Images for object localization:
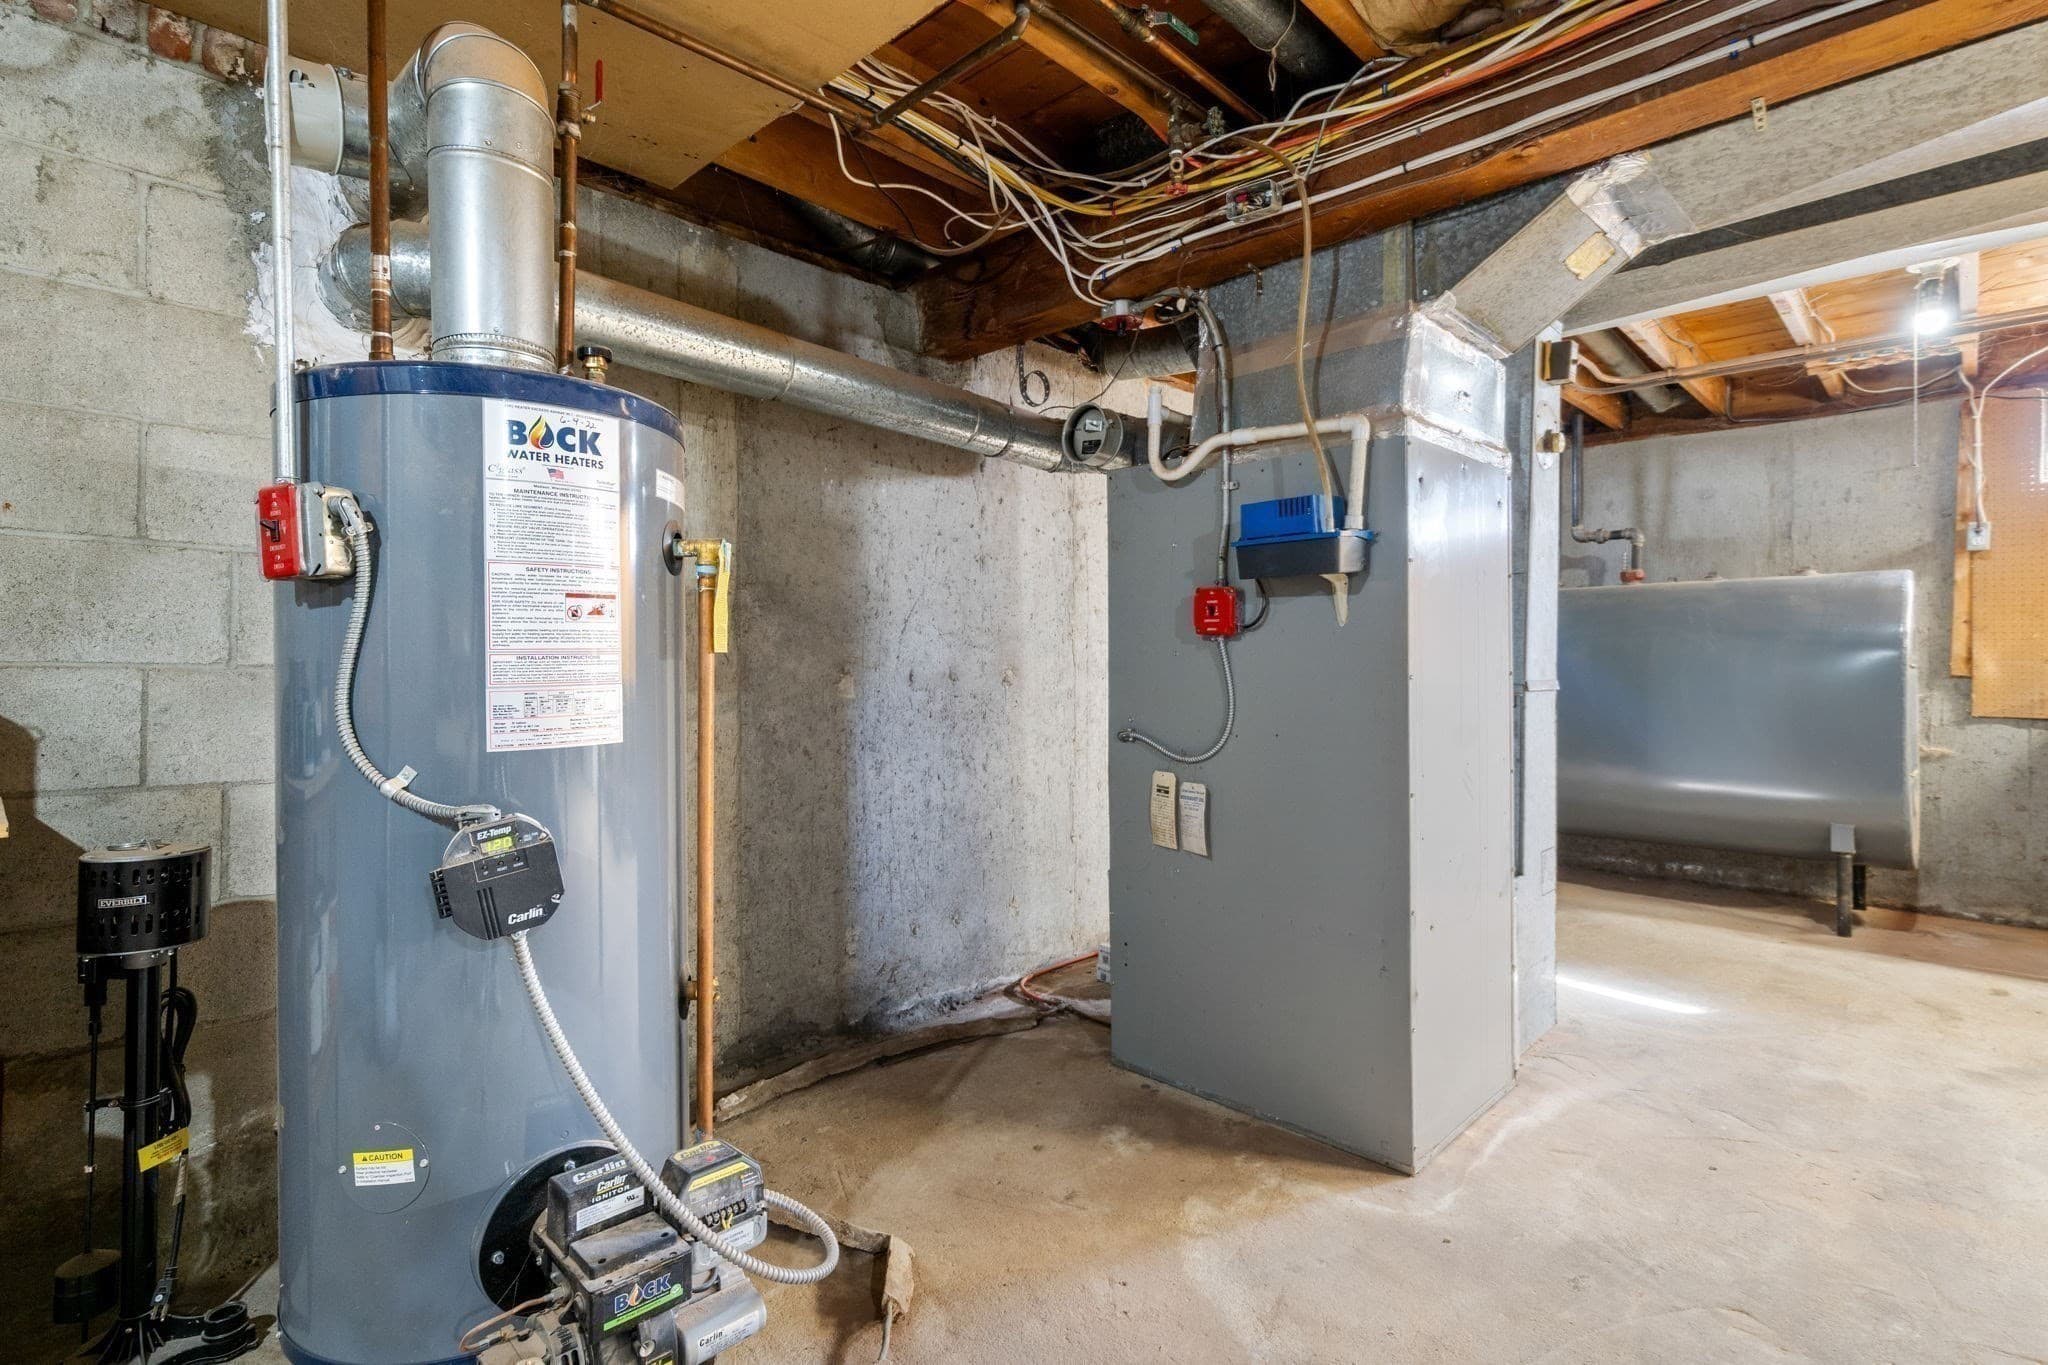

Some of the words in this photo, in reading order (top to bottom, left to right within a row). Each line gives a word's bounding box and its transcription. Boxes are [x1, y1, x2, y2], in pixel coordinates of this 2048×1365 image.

[507, 415, 602, 457] BOCK
[555, 453, 604, 470] HEATERS
[513, 488, 558, 498] MAINTENANCE
[550, 567, 591, 575] INSTRUCTIONS
[476, 825, 512, 840] EZ-Temp
[100, 897, 144, 907] EVERBILT
[507, 905, 544, 925] Carlin
[368, 1152, 403, 1162] CAUTION
[573, 1159, 626, 1184] Carlin
[597, 1174, 628, 1193] Carlin
[591, 1184, 630, 1204] IGNITOR
[614, 1272, 672, 1314] BOCK
[699, 1331, 723, 1347] Carlin
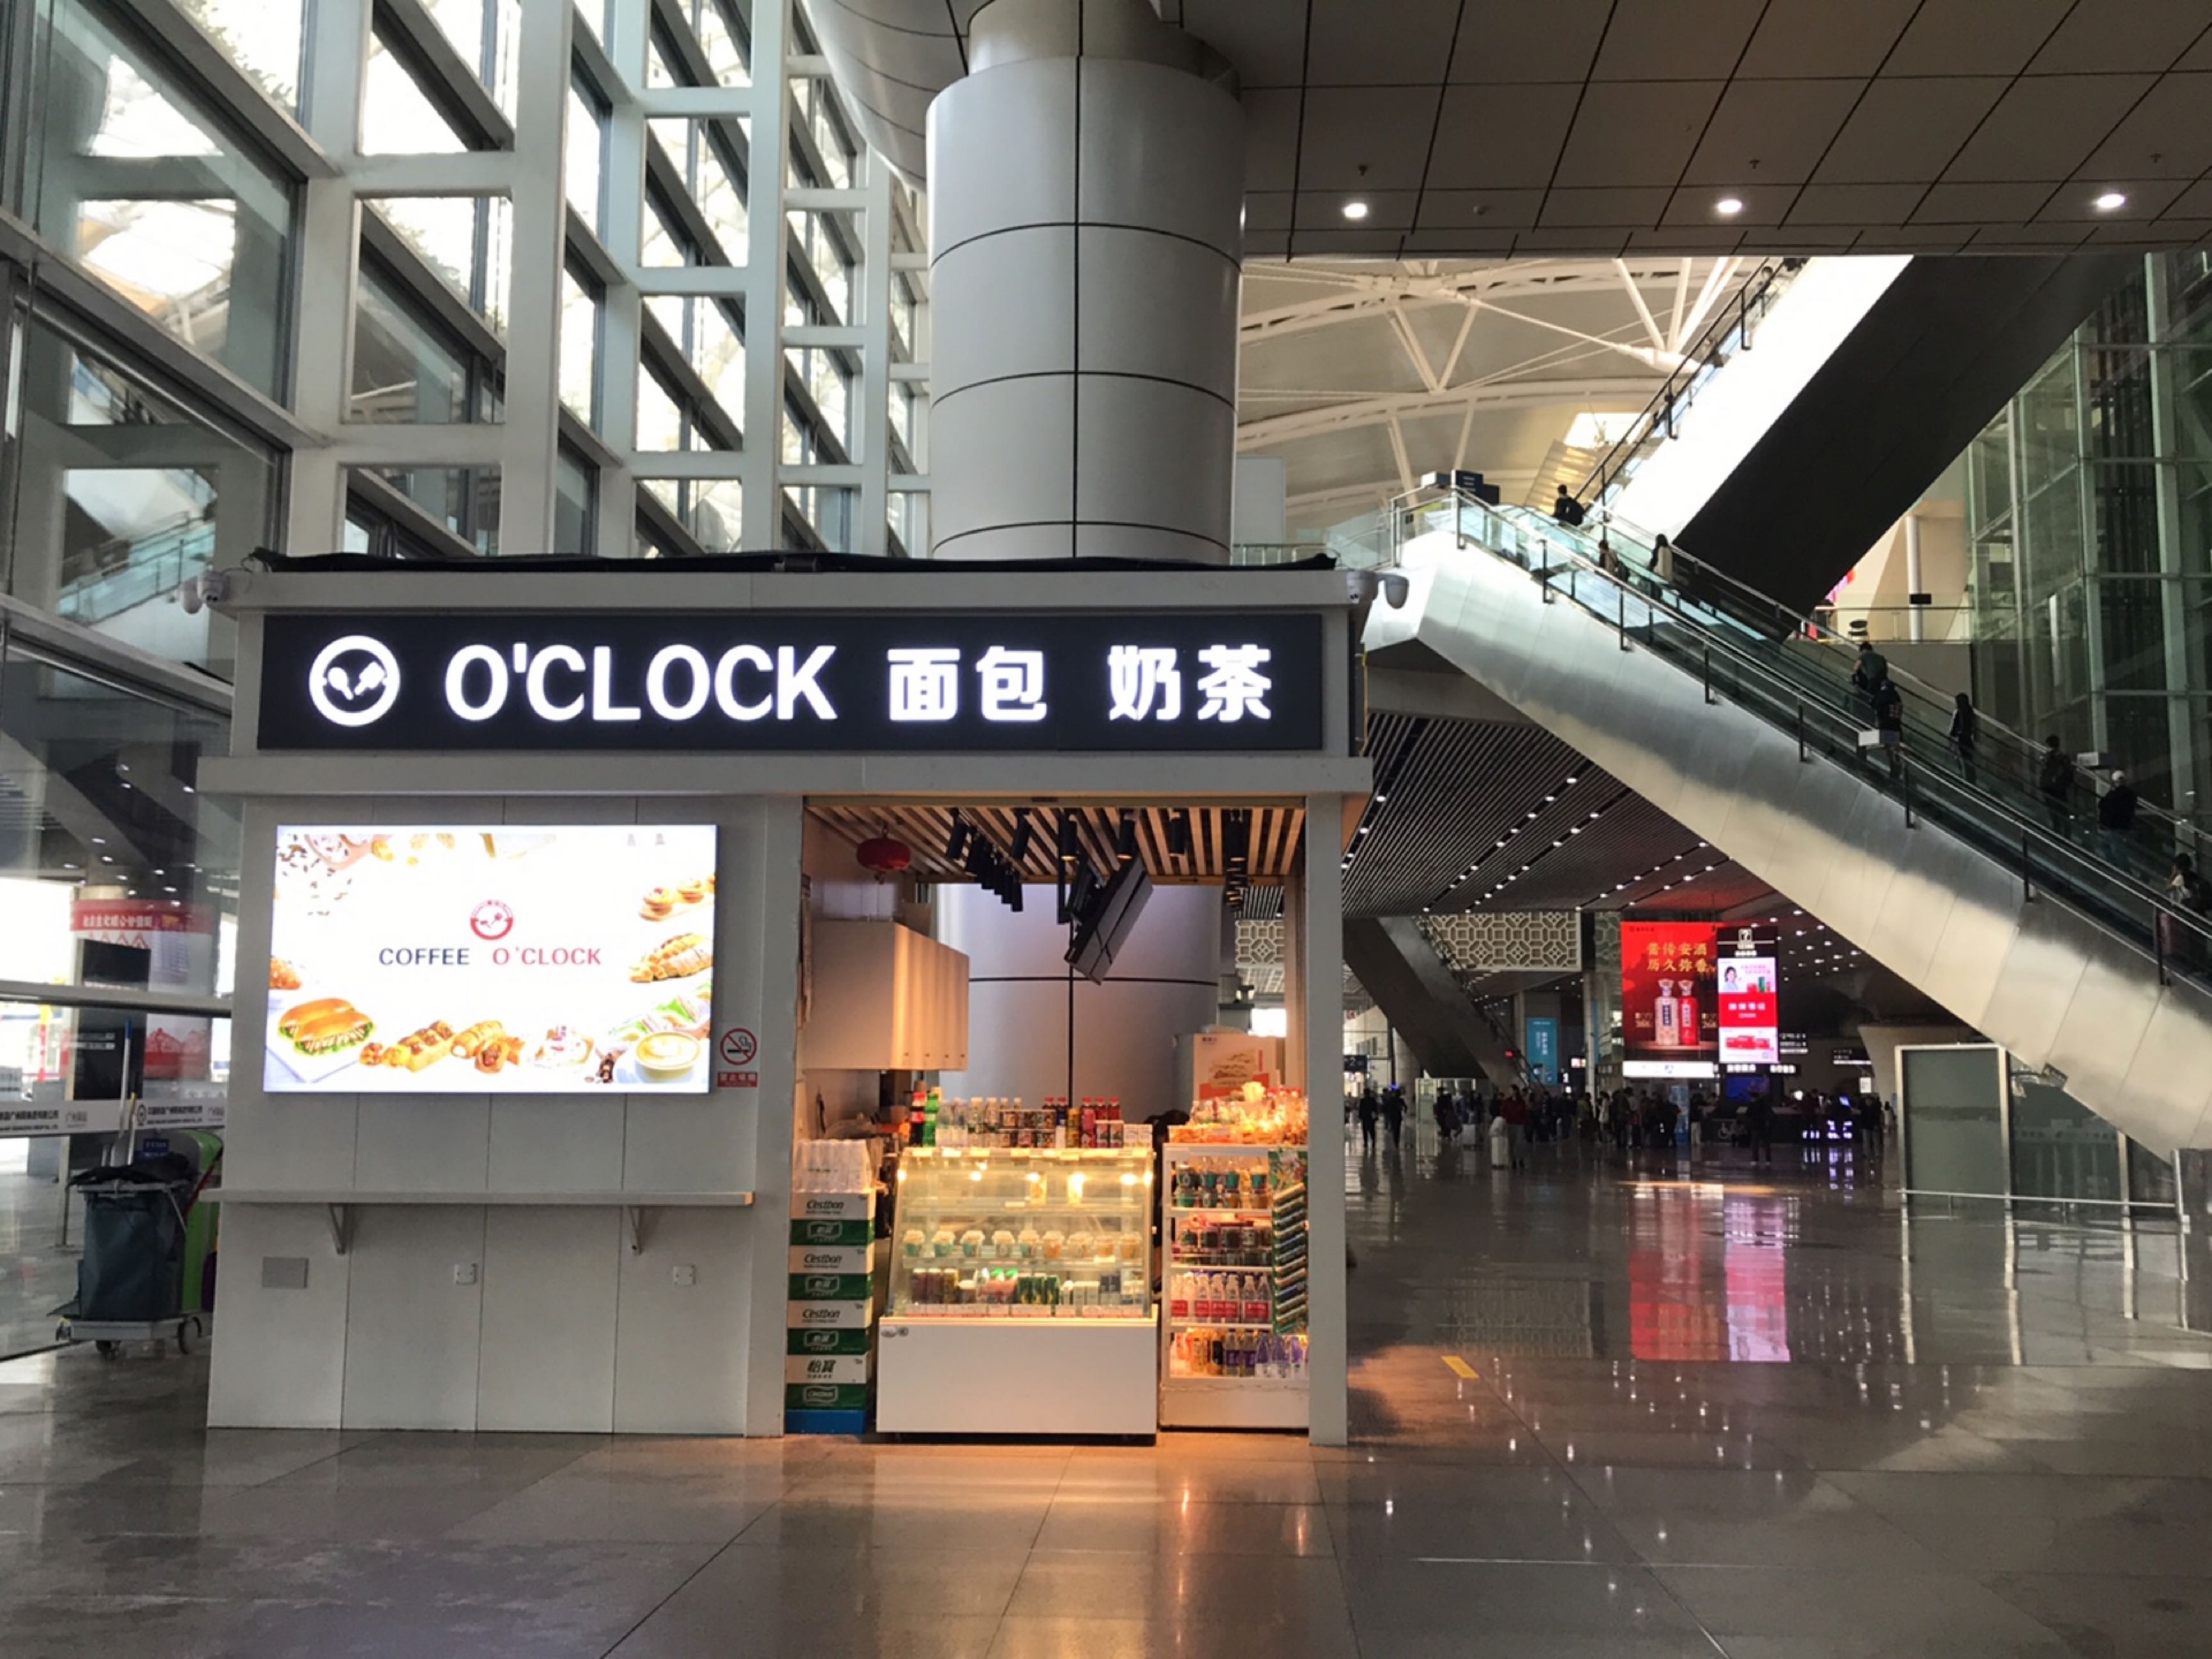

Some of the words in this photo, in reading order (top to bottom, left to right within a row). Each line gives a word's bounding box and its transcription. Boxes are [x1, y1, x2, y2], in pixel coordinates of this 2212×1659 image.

[445, 643, 838, 721] O'CLOCK
[887, 646, 1047, 721] 面包
[1107, 644, 1272, 722] 奶茶
[378, 947, 470, 966] COFFEE

PROBLEM:
Each word of the data should be repeated exactly, and the pictures left out.

WORKED SOLUTION:
Some of the words in this photo, in reading order (top to bottom, left to right within a row). Each line gives a word's bounding box and its transcription. Boxes are [x1, y1, x2, y2], in pixel coordinates of this 2048×1365 image.

[507, 415, 602, 457] BOCK
[555, 453, 604, 470] HEATERS
[513, 488, 558, 498] MAINTENANCE
[550, 567, 591, 575] INSTRUCTIONS
[476, 825, 512, 840] EZ-Temp
[100, 897, 144, 907] EVERBILT
[507, 905, 544, 925] Carlin
[368, 1152, 403, 1162] CAUTION
[573, 1159, 626, 1184] Carlin
[597, 1174, 628, 1193] Carlin
[591, 1184, 630, 1204] IGNITOR
[614, 1272, 672, 1314] BOCK
[699, 1331, 723, 1347] Carlin

Some of the words in this photo, in reading order (top to bottom, left to right within a row). Each line gives a word's bounding box and its transcription. Boxes are [x1, y1, x2, y2], in pixel coordinates of this 2212×1659 image.

[445, 643, 838, 721] O'CLOCK
[887, 646, 1047, 721] 面包
[1107, 644, 1272, 722] 奶茶
[378, 947, 470, 966] COFFEE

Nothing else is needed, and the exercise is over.